[Saved entries]
──────────
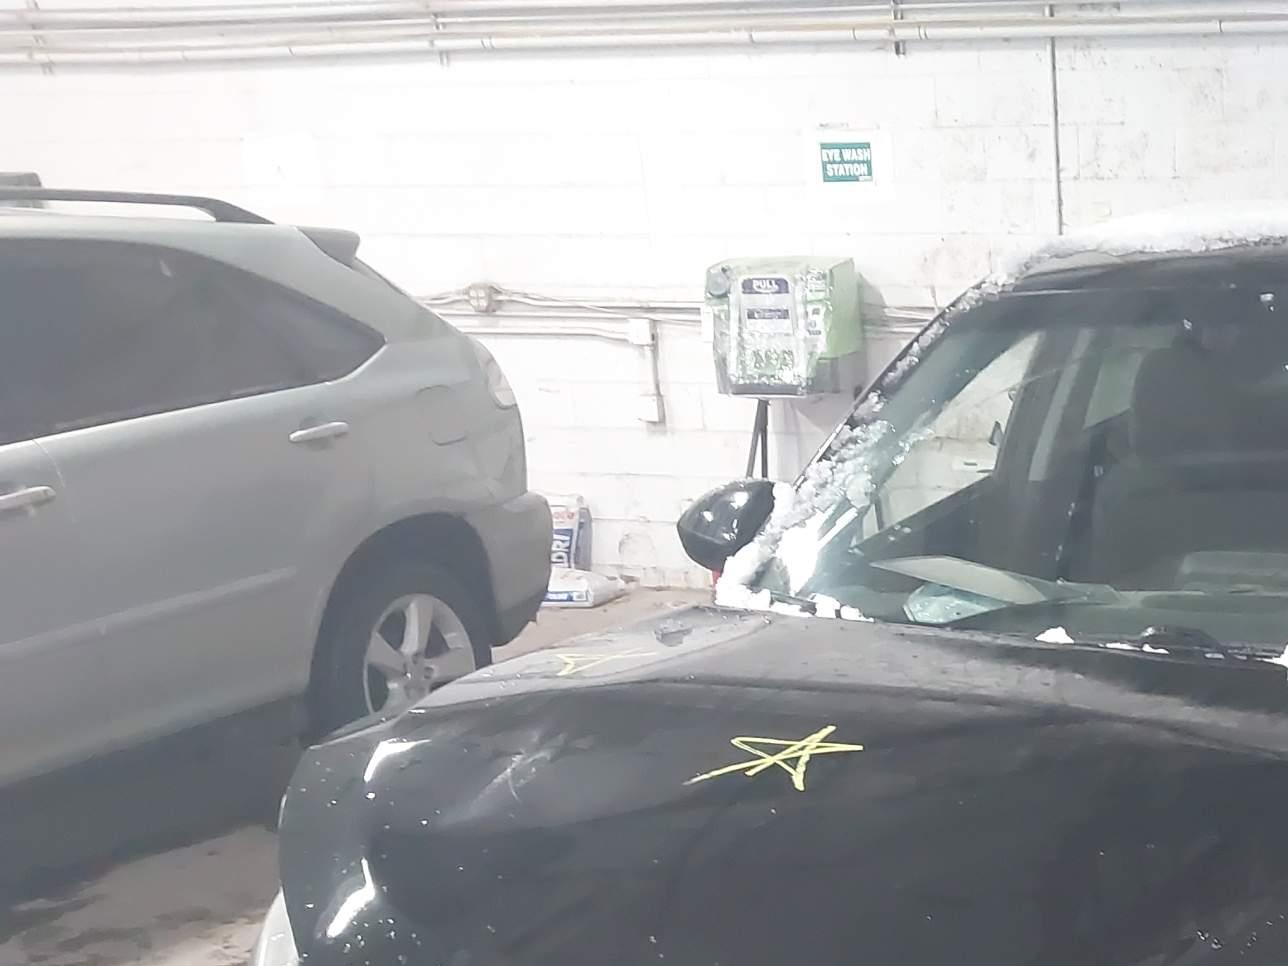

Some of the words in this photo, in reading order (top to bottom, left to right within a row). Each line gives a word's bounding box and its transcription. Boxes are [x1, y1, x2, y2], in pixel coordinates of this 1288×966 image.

[822, 149, 841, 162] EYE
[841, 148, 870, 161] WASH
[826, 163, 868, 176] STATION
[752, 279, 778, 289] PULL
──────────
* [What you are asked to do]
A verbatim transcription of the records, pictures excluded, is the required output.

* [Completed exercise]
Some of the words in this photo, in reading order (top to bottom, left to right within a row). Each line gives a word's bounding box and its transcription. Boxes are [x1, y1, x2, y2], in pixel coordinates of this 1288×966 image.

[822, 149, 841, 162] EYE
[841, 148, 870, 161] WASH
[826, 163, 868, 176] STATION
[752, 279, 778, 289] PULL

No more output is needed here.